His face was open; eyes steady and perfectly calm. It was a kind face, and she thought there was a sort of bravery in exposing that to a stranger. She opened her mouth to ask him all the obvious questions – who are you, don’t talk to me, move away, what could you possibl
y mean? She could feel where the muscles in her wrists and thighs should be tensing for movement up out of her seat and away.
Instead, she paused. He was joking, of course. It was mere hyperbole – like those Nigerian men who told you they were princes in their countries; or like a new song that runs out of steam after it started so well.
‘Tell me what I can do for you,’ the velvet man said patiently.
His expression was solemn, watching her carefully, as if this might be the most important thing he would say today, or this week.
Suddenly, hotly, she considered the idea. The deliciousness, the expansiveness of it assailed her. She could be important, different; she felt a lurching in her chest. She was late on the train, heading for ordinary: the job, the lunch-break, the colleagues, the wishes, the dreams, all so irreparably dull and chipped.

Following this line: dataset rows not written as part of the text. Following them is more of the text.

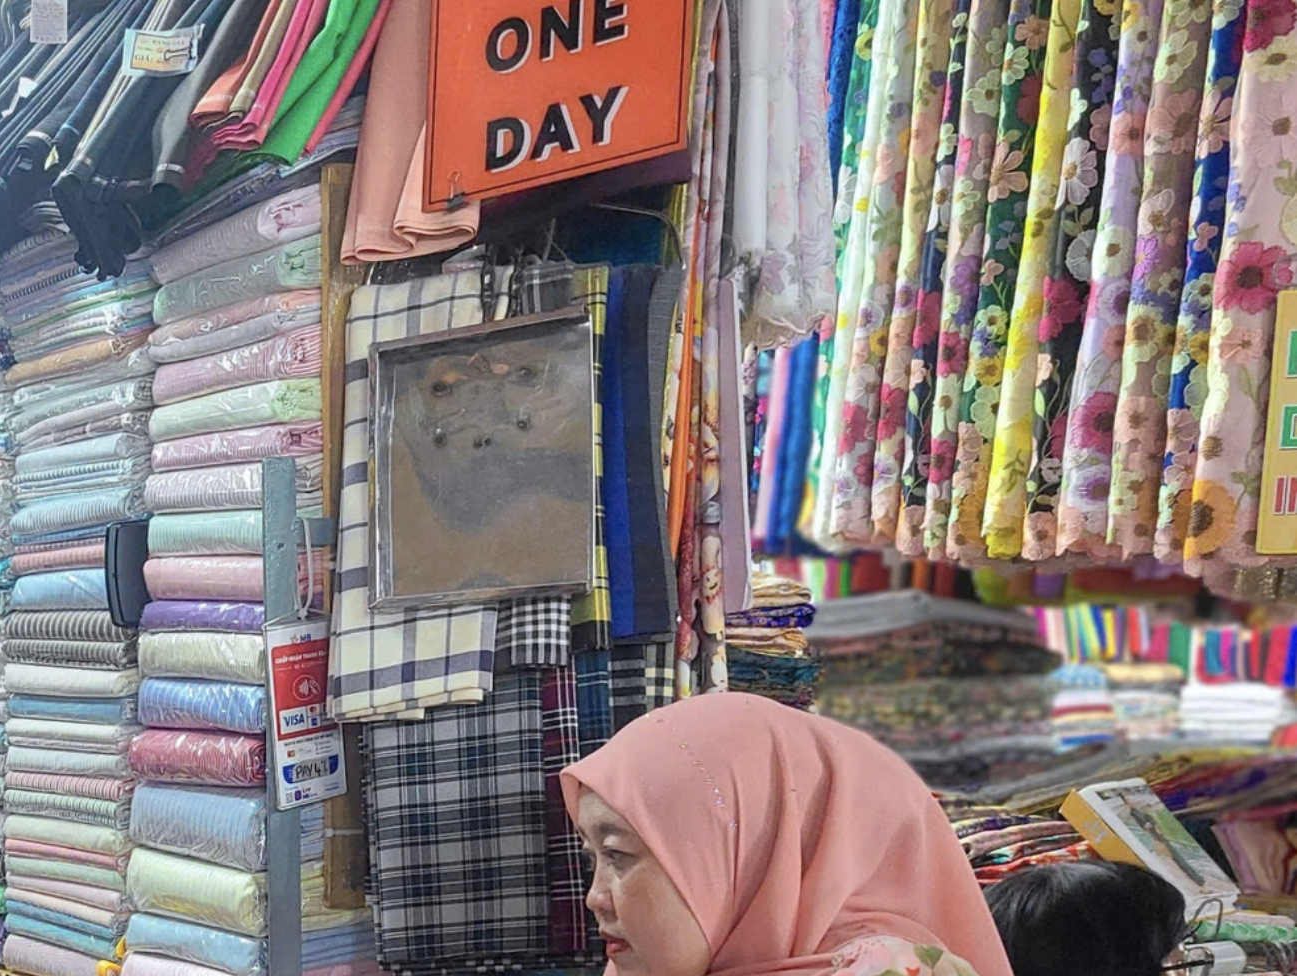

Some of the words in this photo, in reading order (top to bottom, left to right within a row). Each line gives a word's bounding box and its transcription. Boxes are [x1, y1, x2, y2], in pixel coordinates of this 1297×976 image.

[485, 0, 629, 75] ONE
[485, 85, 630, 173] DAY
[283, 713, 305, 728] VISA
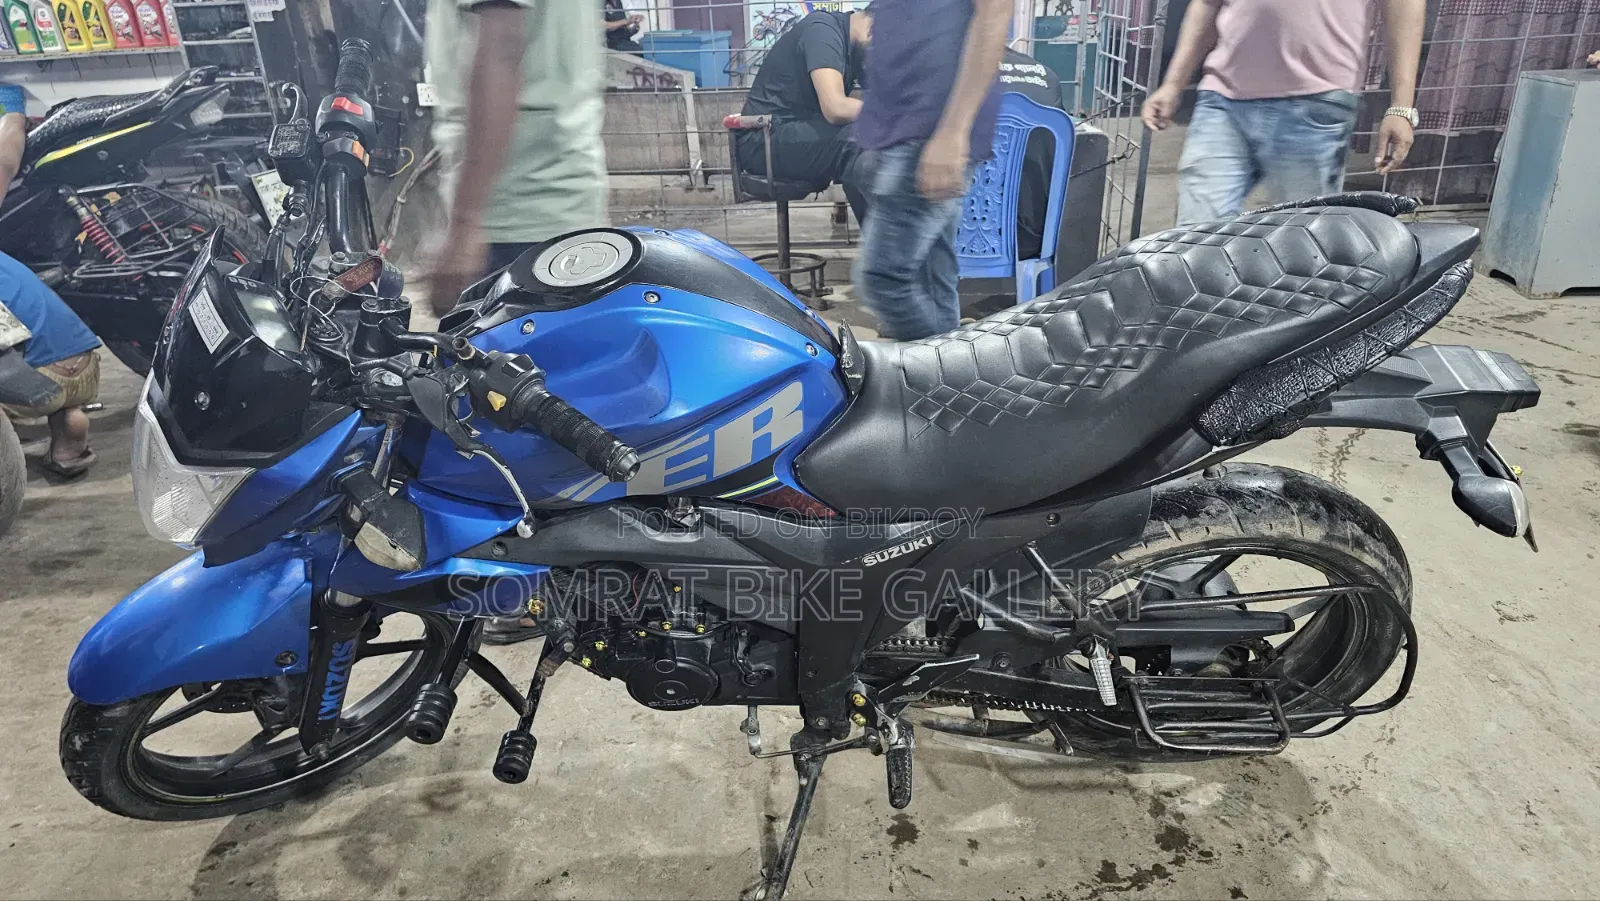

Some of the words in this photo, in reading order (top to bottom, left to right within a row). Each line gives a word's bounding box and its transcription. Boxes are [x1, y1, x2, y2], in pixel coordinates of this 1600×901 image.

[862, 535, 934, 567] SUZUKI
[317, 639, 357, 721] SUZUKI
[647, 697, 700, 707] SUZUKI

The train pushed into the station and she knew what she wanted – at least, where to begin. She grabbed his hand; he rose up with her, and there was joy on his face.
*
The market was in full swing with mid-morning bargains, the scrape of bottles and boxes, smells of best meat and fish, and she’d never seen the city sky so blue, amplifying every blush in the arcade: melons hacked open, sides of salmon strewn with black peppercorns; strawberry tarts glistening in syrup.
And the peonies at the flower stall.
She came to an abrupt stop in front of them, dropping the velvet man’s hand, tucking her palms together like a little girl, teeth in her bottom lip. She was rocking slightly, almost breathless. Her parents had thought cut flowers a bourgeoisie affectation.

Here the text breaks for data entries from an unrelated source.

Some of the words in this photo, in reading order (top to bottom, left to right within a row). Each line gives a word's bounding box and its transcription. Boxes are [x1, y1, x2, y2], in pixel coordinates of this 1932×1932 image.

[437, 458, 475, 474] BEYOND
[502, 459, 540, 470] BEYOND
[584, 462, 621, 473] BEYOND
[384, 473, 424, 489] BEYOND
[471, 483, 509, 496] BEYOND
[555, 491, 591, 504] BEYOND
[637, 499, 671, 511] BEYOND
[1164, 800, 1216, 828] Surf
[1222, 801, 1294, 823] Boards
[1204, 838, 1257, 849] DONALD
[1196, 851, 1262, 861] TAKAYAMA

She looked up at the velvet man: he was beaming, waiting.
‘But of course,’ he said.
More flowers, she thought later, than anyone had ever got in the world. Armfuls of the pink peonies first, because she liked their little cabbage faces peeping up at her; fat roses next, ringed in sprays of eucalyptus, and the velvet man instructed the flower stall owner to make sure every thorn was taken off. He’d opened his mouth to say you’re having a laugh, mate, but then the velvet man gave him enough money to make him grin and set his assistant picking. Urged on by both men now, she chose huge daisies the size of her hand, laughing delightedly; a long box of cerise anthuriums, their bright plasticky stamens reminding her of hot places.